Don't relax in October. If you are involved in the Capital Planning and Investment Control (CPIC) process prescribed by OMB's Circular A-11, it's time to plan how to be successful with your future federal budgets for information technology (IT).
 
Sure, we all feel like relaxing after the September deadlines for submitting proposed Exhibit 53s and Exhibit 300s to the Office of Management and Budget (OMB). But there's no time to waste: What you do next will affect your financial health, and a good first step is to develop three "to do" lists:
  • Defensive Actions, to avoid short-term problems and rude crises
  • Tactical Actions, to prepare for next year's federal budget cycle 2007
  • Strategic Actions, to align long-term capital investment plans with your future vision for business, information, and technology architecture.
Once you have your lists, do a reality check with your management team and stakeholders: Omissions? Right priorities? Resources for executing the actions? Of course an even better idea is to call in a top-notch  consulting firm to facilitate the process and nail down follow-through.
 
Following are thought starters for your action lists, but adapt, add, change, and modify to fit your situation:
 
Defensive Actions
 
Identify what you have promised to agency heads and OMB. You may have made promises concerning short-term actions in Plan of Action & Milestone (POA&M) tables, Exhibit 300s, EVMS milestones, and PART reviews that include due dates during September - December 2004. Make sure these happen on schedule, or you may have a very unhappy Thanksgiving as you engage in the budget pass-back process.
 
Weaknesses in September's Exhibit 300s and 53s.  You may have serious weaknesses in your capital investment and IT budget documents that could put you on OMB's "watch list." Weak compliance with security requirements is a leading cause, but there are other hot spots including performance-based contracting (acquisition strategy) and Earned Value Management System (EVMS). Take immediate action to strengthen any weaknesses, and you can spare yourself the burden of taking the heat for watch-list projects.
 
Performance schedules for first quarter of the new fiscal year. The performance of major federal IT investments are subject to increased scrutiny.
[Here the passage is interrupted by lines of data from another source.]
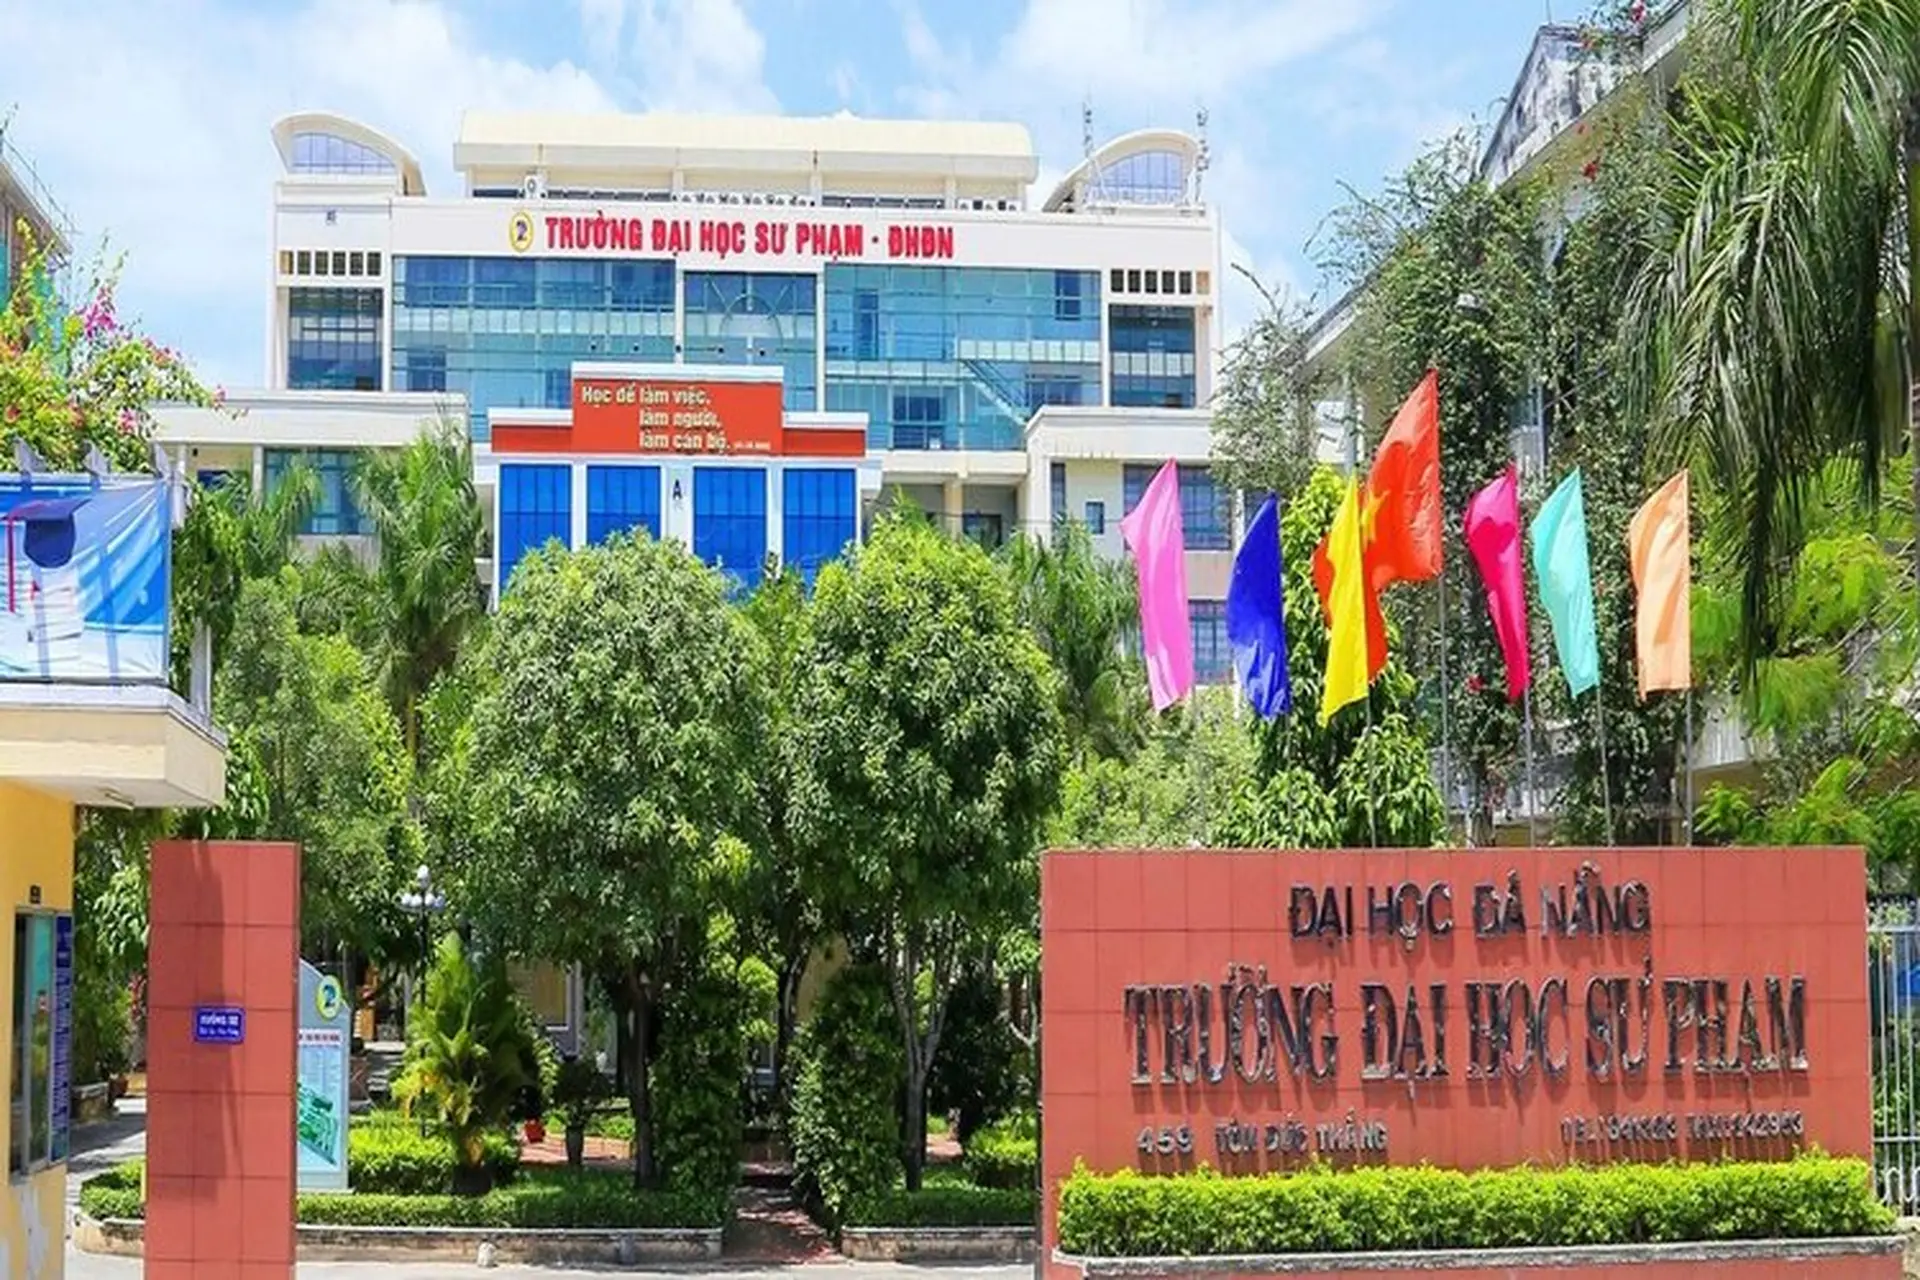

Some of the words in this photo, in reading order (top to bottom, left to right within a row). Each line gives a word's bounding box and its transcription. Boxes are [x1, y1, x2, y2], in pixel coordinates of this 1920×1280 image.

[545, 210, 642, 251] TRƯỜNG
[652, 219, 691, 257] ĐẠI
[700, 220, 745, 259] HỌC
[755, 221, 788, 254] SƯ
[795, 222, 864, 261] PHẠM
[888, 225, 954, 259] ĐHĐN
[582, 386, 612, 408] Học
[616, 382, 636, 404] để
[640, 386, 669, 404] làm
[639, 409, 669, 427] làm
[639, 431, 669, 449] làm
[673, 431, 701, 449] cán
[1288, 883, 1353, 948] ĐẠI
[1367, 881, 1455, 949] HỌC
[1123, 961, 1340, 1085] TRƯỜNG
Make sure your IT projects start off the new fiscal year on schedule and in budget. Accountability for performance involves both the Agency and the contractor(s).
 
GAO and IG reports. Did oversight agencies spot problems with your IT projects or investment management? If so, be pro-active about resolving these issues.
 
Tactical Actions
 
CPIC schedule for investments. Sound CPIC planning and management is a year-long process, as I've written repeatedly. October is the time for all Agency IT projects to define a year-long CPIC schedule: 
  • Initiate strategic planning and improve alignment with the Enterprise Architecture
  • Improve alignment of performance goals with output and results measures
  • Replace out-of-date alternatives analyses, and do market research for a real-world cost benefits analysis
  • Update or replace aging risk management or information security plans
  • Update the E-Gov plan
  • Fine-tune EVMS
  • Conduct operational analysis reviews for Steady State investments
  • Identify which contracts are due for initiation or re-competition during the fiscal year, and make sure these are aligned with performance-based contracting and EVMS
  • Plan the full CPIC and SDLC drill for new investments.
Keyin Lock, image 
October is the beginning of your federal fiscal year, and it's time to plan for IT success with:
  • Defensive Actions
  • Tactical Actions
  • Strategic Actions
Don't wait for appropriations. The clock is ticking now. 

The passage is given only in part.